Records from a data collection
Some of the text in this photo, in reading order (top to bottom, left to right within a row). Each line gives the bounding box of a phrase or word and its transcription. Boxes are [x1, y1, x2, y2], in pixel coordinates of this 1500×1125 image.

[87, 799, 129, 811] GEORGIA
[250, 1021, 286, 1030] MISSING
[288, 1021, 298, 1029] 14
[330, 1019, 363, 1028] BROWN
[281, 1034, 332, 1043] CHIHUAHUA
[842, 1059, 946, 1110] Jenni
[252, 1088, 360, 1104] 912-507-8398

PROBLEM TO SOLVE:
Your answer must contain every line of the records, exactly.

ANSWER BOX:
Some of the text in this photo, in reading order (top to bottom, left to right within a row). Each line gives the bounding box of a phrase or word and its transcription. Boxes are [x1, y1, x2, y2], in pixel coordinates of this 1500×1125 image.

[87, 799, 129, 811] GEORGIA
[250, 1021, 286, 1030] MISSING
[288, 1021, 298, 1029] 14
[330, 1019, 363, 1028] BROWN
[281, 1034, 332, 1043] CHIHUAHUA
[842, 1059, 946, 1110] Jenni
[252, 1088, 360, 1104] 912-507-8398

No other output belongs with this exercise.